Techno Troubles
As someone who in the distant past worked in a bank and has tried to keep up with developments in banking, I find the Little Britain sketch of the bemused customer being told that, whatever he wants, ‘The computer says no’, not only hilarious but rather too close to the truth for comfort.
It’s also becoming nigh on impossible to shop these days without the ubiquitous bar code reader standing between you and the exit. Most of us will probably have had at least one experience of being told by a check-out operator that the bill for our sandwiches and bottle of pop is £883.99. It must be, because the till says so. The fact that everyone knows a sandwich and bottle of pop can’t cost that doesn’t come into it.
It seems that the most basic thought processes are, as far as many people are concerned, being suspended. The answer is what the computer says, and that’s an end to it.

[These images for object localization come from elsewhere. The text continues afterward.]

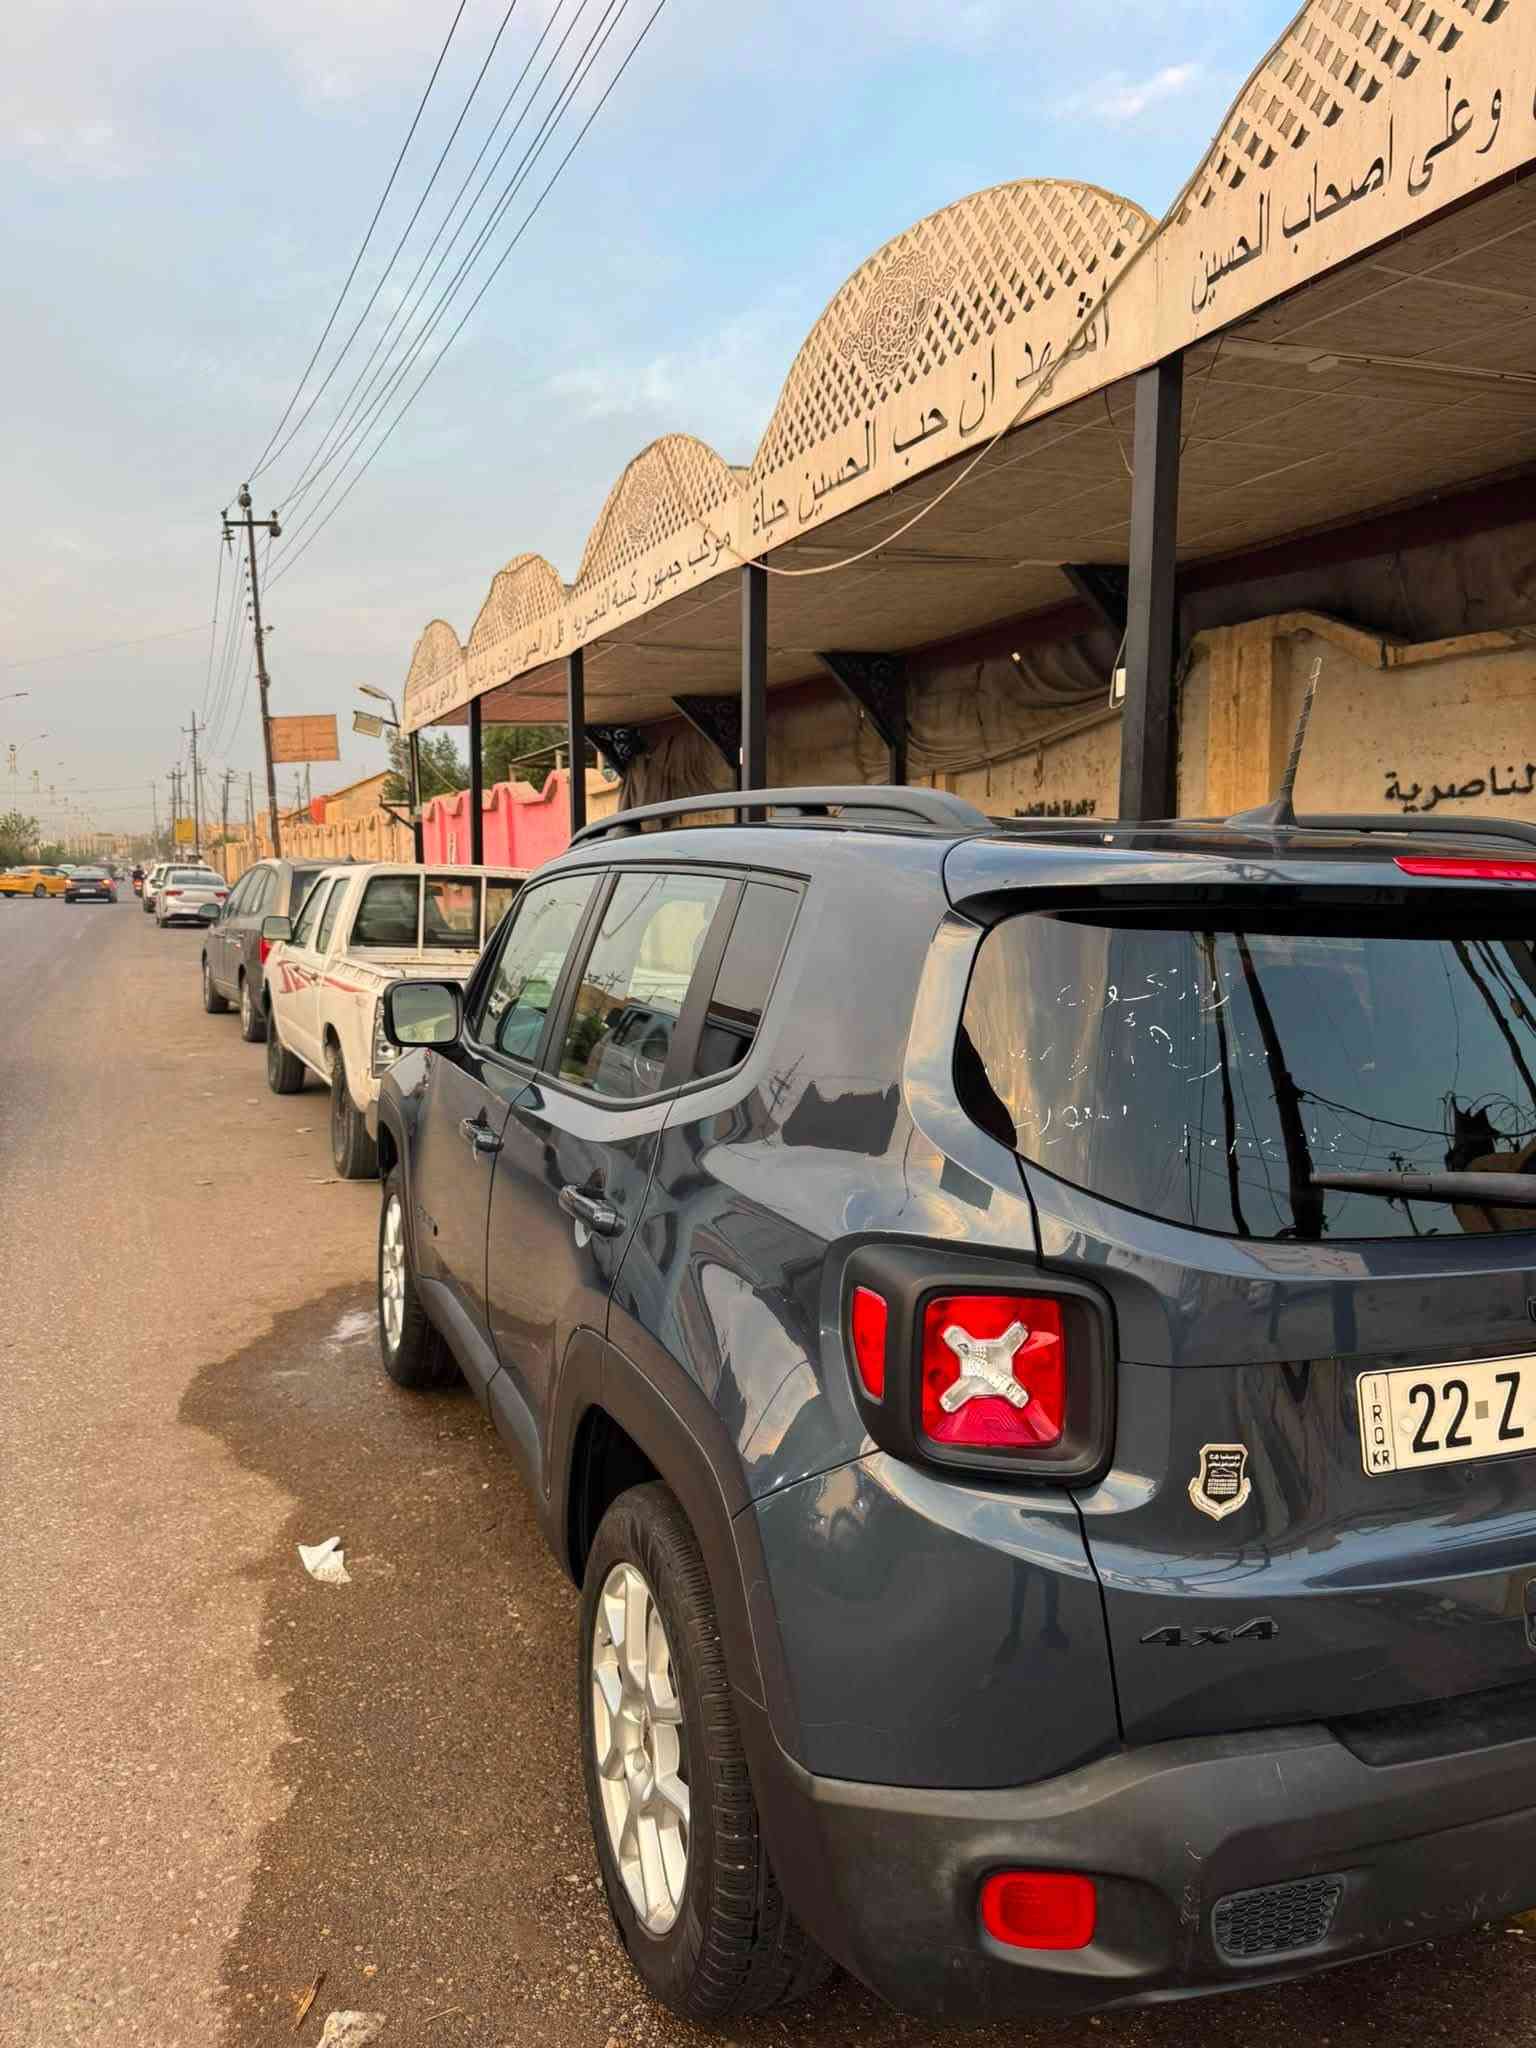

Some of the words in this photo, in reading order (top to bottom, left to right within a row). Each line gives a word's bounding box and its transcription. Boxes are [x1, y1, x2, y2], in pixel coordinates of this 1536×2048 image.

[1281, 112, 1393, 255] اصحاب
[1191, 189, 1270, 315] الحسين
[797, 418, 878, 526] الحسين
[893, 407, 949, 467] حب
[687, 523, 732, 575] موكب
[752, 485, 789, 544] حياة
[1408, 1379, 1473, 1454] 22
[1495, 1371, 1525, 1441] Z
[1372, 1449, 1391, 1468] KR

Now there’s a computerised gadget that opens up a whole new world of possibilities in the elimination of thought; the Satellite Navigation System. A couple of weeks ago it was reported that because road works had closed a popular road in the West Country those drivers with Sat Nav were being technologically re-directed via a village that contained a ford. Unfortunately, this was not your average ford a la Kersey but a river in full spate and around four feet deep where it crossed the carriageway. A non-technological driver would approach with caution, assess the situation and, unless driving a tractor, would turn back. The Sat Nav brigade? You’ve guessed it; the technology says this is the way, so this way it is. The silver lining came for enterprising locals who did a roaring trade in towing people out and then drying them off. One local woman had some explaining to do when her husband came home to find a van driver’s trousers drying on the cooker.

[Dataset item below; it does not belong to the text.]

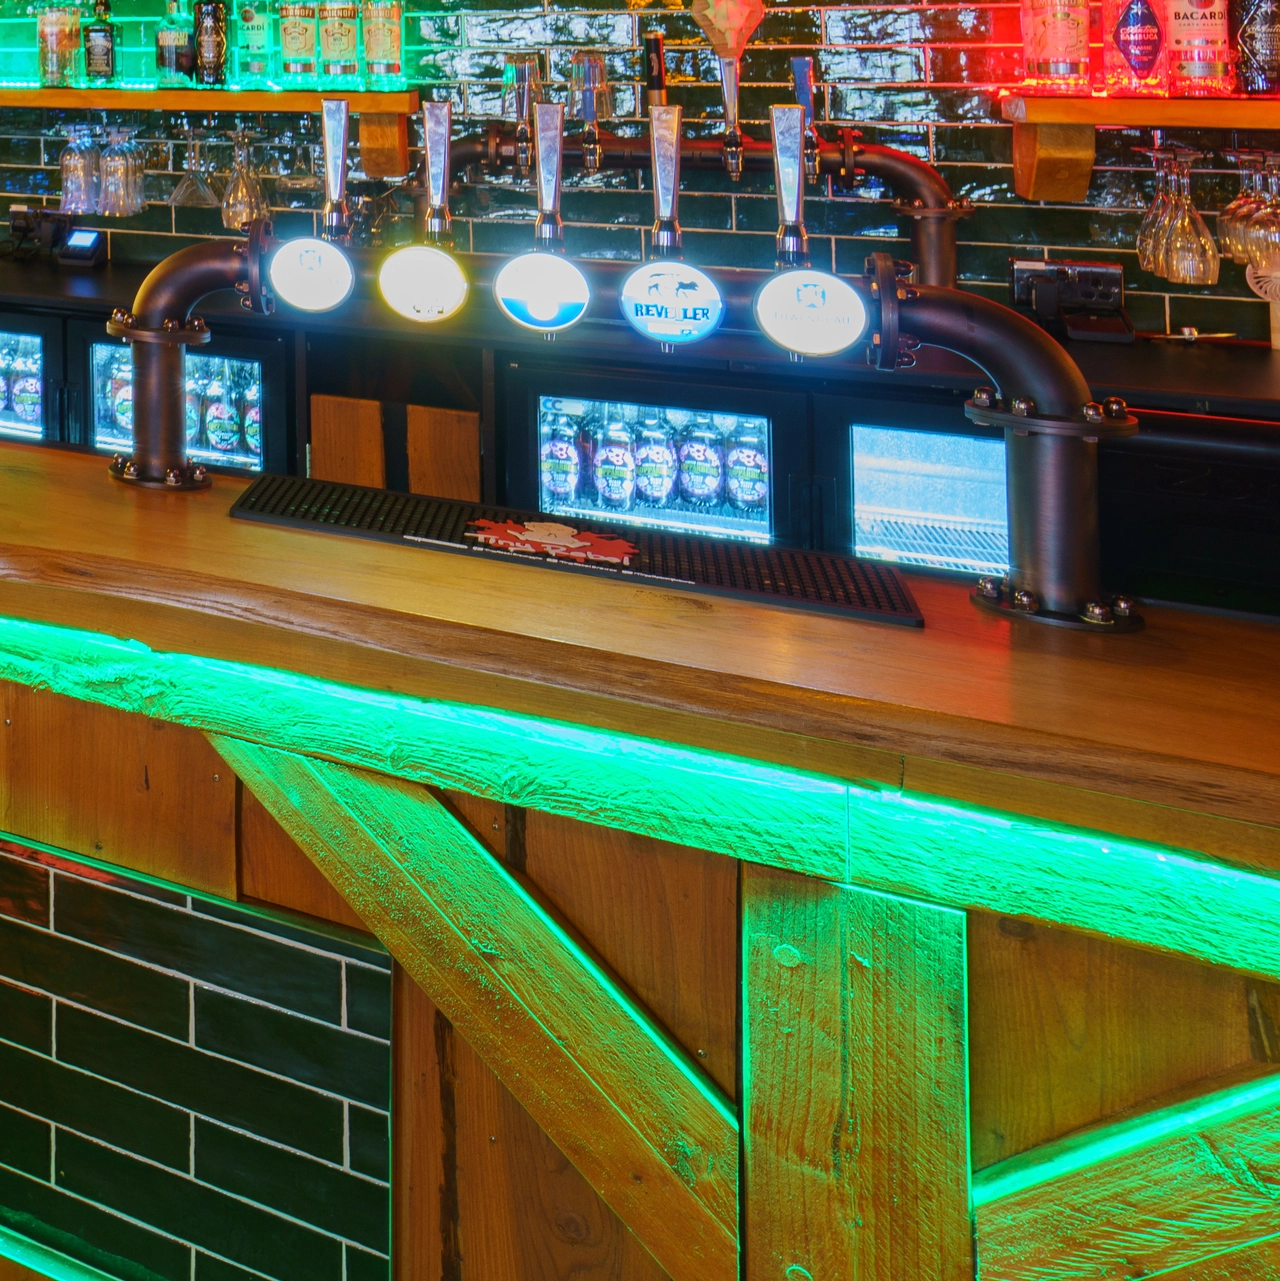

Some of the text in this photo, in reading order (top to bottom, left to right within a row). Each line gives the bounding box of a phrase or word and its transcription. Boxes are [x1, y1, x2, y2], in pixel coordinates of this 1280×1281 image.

These tales, to which I’m sure many other experiences could be added, do have some relevance to Humanism. Most Humanists have come to their views on life, the universe and everything by thinking about the world around them. They are not Humanists because a prophet, priest or ‘wise’ man told them to be, or an uninvited visitor came to their door and ‘converted’ them. At the last meeting of Suffolk Humanists, it was generally agreed that having a Humanist outlook on life was probably the hardest option because Humanists like to work things out for themselves and accept the consequences of their own actions right or wrong. I like the term some Humanists use to describe themselves; free thinkers. If Humanists do something wrong they can never say that God, or a computer, told them to do it. They’ve only themselves to blame.